Task brief
Make an exact copy of the records, with the pictures left out.

Source material
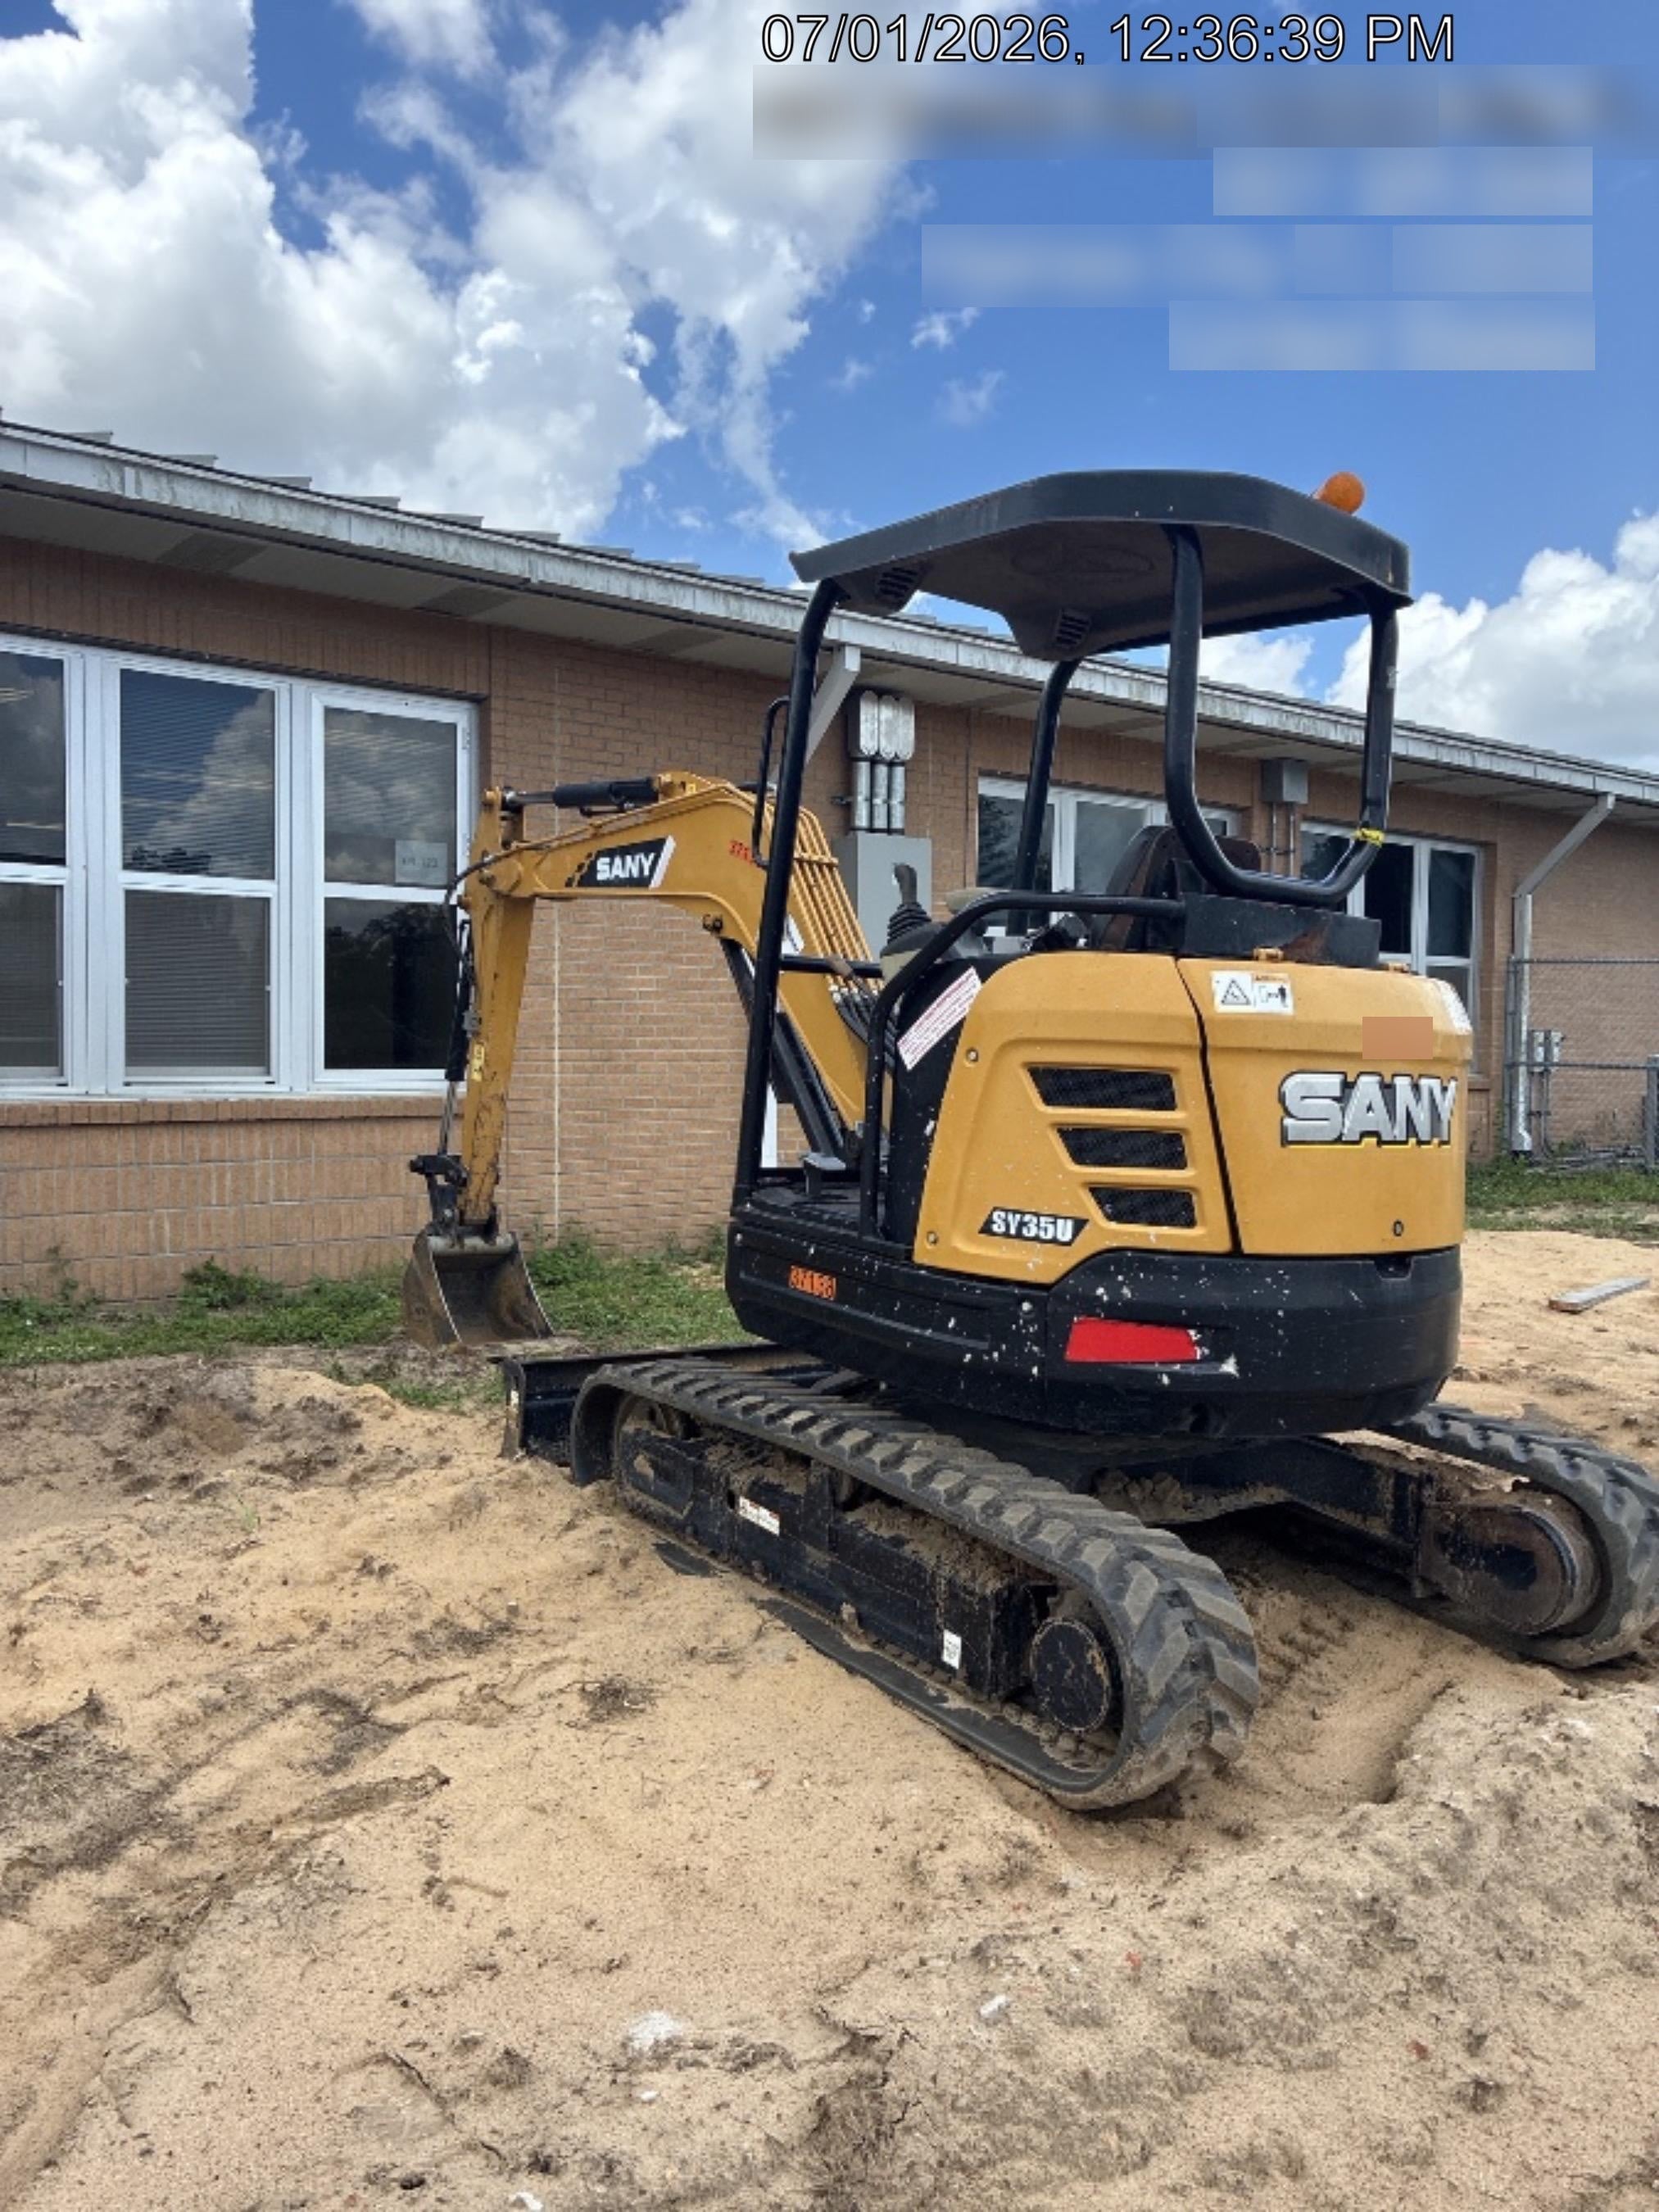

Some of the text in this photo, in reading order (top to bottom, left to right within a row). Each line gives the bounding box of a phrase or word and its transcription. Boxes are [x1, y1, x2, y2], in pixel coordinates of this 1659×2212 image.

[596, 852, 655, 881] SANY
[1279, 1070, 1458, 1146] SANY
[991, 1210, 1075, 1242] SY35U
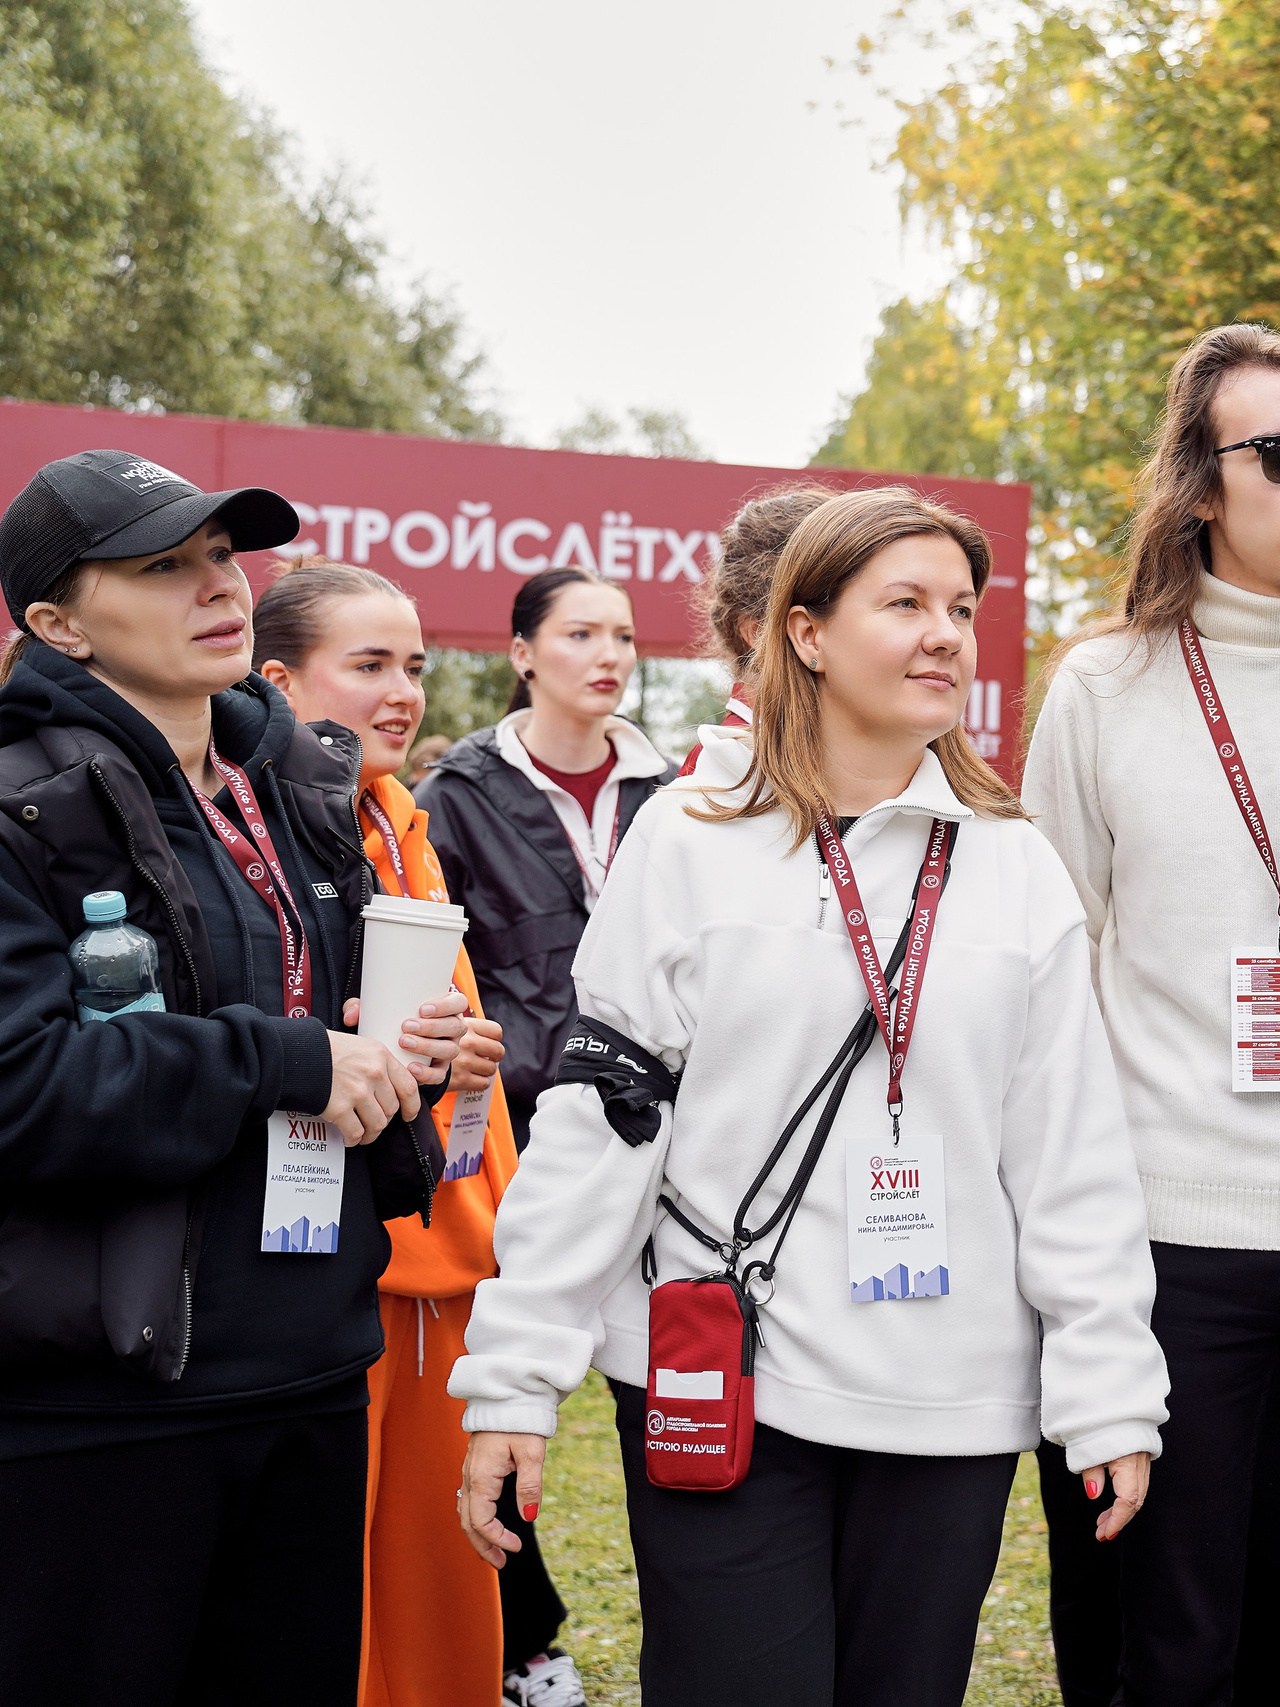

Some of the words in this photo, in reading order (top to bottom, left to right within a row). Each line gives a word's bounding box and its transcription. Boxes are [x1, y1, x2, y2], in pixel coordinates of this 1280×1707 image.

Answer to the problem
Some of the text in this photo, in reading order (top to bottom, left to right within a row). Each line gives the bounding box of a phrase or word and its transcription. Boxes are [x1, y1, x2, y2], in pixel coordinates of this 1659×2212 image.

[596, 852, 655, 881] SANY
[1279, 1070, 1458, 1146] SANY
[991, 1210, 1075, 1242] SY35U

Some of the words in this photo, in reading order (top to bottom, left to right within a row). Each line gives a word's bounding box and its transcription. Boxes are [x1, y1, x2, y2], in pixel coordinates of this 1280×1707 image.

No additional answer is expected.